WHAT TO WORK ON ::
Return the whole listing, line for line, without the pictures in it.
*** Opening of DATA ***
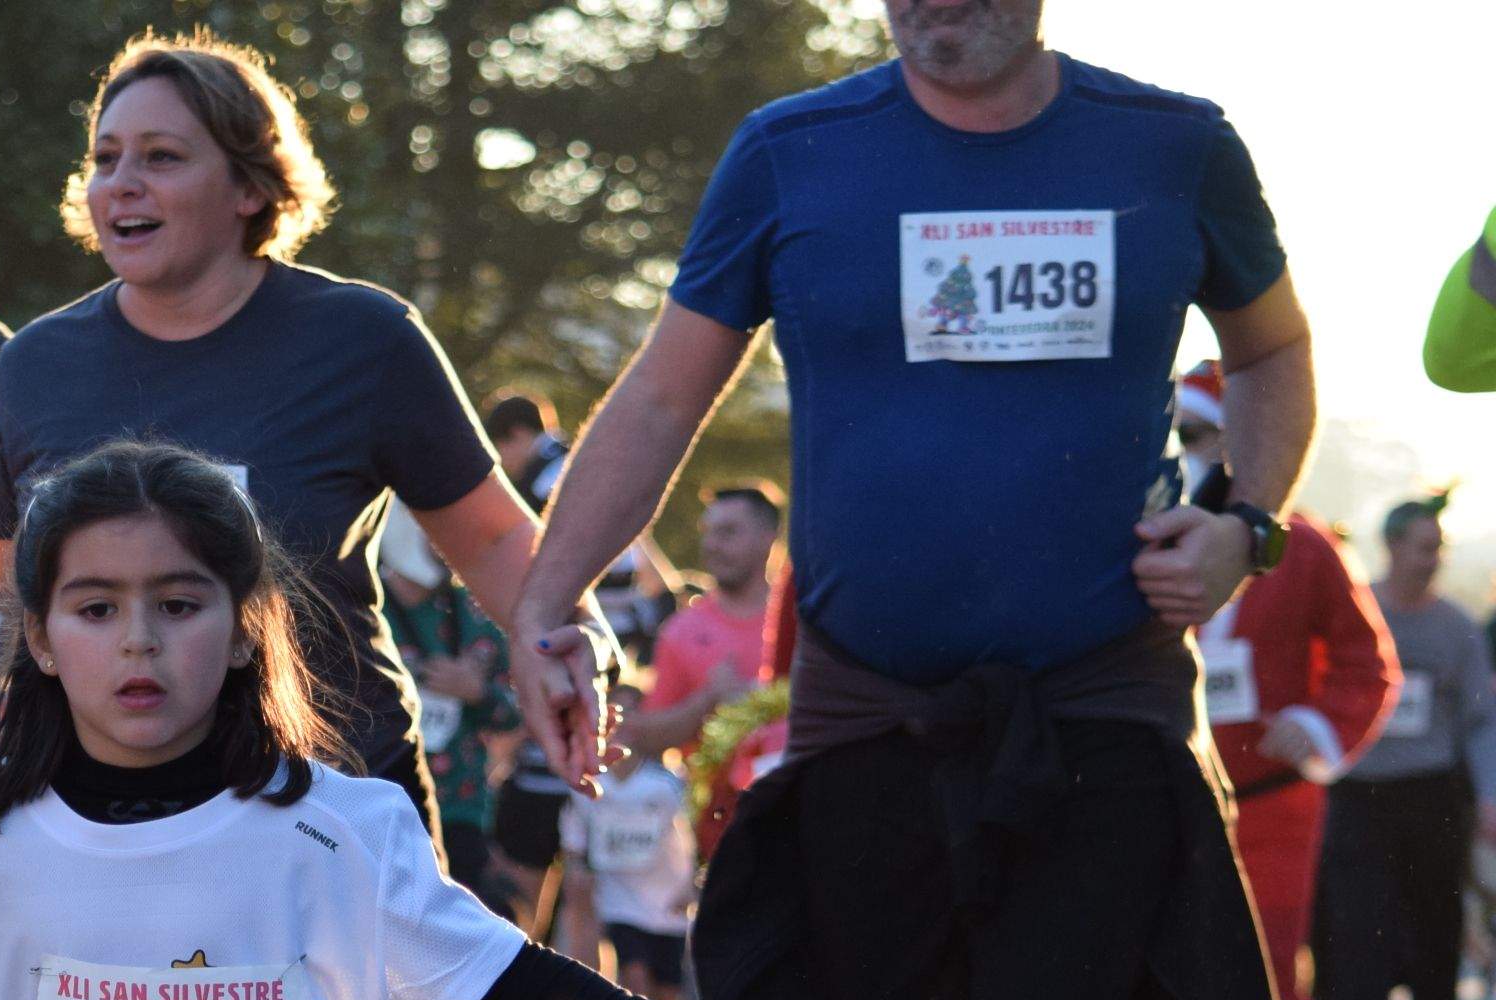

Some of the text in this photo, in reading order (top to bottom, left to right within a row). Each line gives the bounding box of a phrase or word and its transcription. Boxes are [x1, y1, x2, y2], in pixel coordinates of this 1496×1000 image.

[956, 221, 994, 239] SAN
[1001, 220, 1096, 237] SILVESTRE
[985, 260, 1097, 314] 1438
[295, 820, 339, 854] RUNNEK
[57, 973, 90, 1000] XLI
*** Close of DATA ***
SOLVED EXERCISE ::
Some of the text in this photo, in reading order (top to bottom, left to right within a row). Each line gives the bounding box of a phrase or word and its transcription. Boxes are [x1, y1, x2, y2], in pixel coordinates of this 1496×1000 image.

[956, 221, 994, 239] SAN
[1001, 220, 1096, 237] SILVESTRE
[985, 260, 1097, 314] 1438
[295, 820, 339, 854] RUNNEK
[57, 973, 90, 1000] XLI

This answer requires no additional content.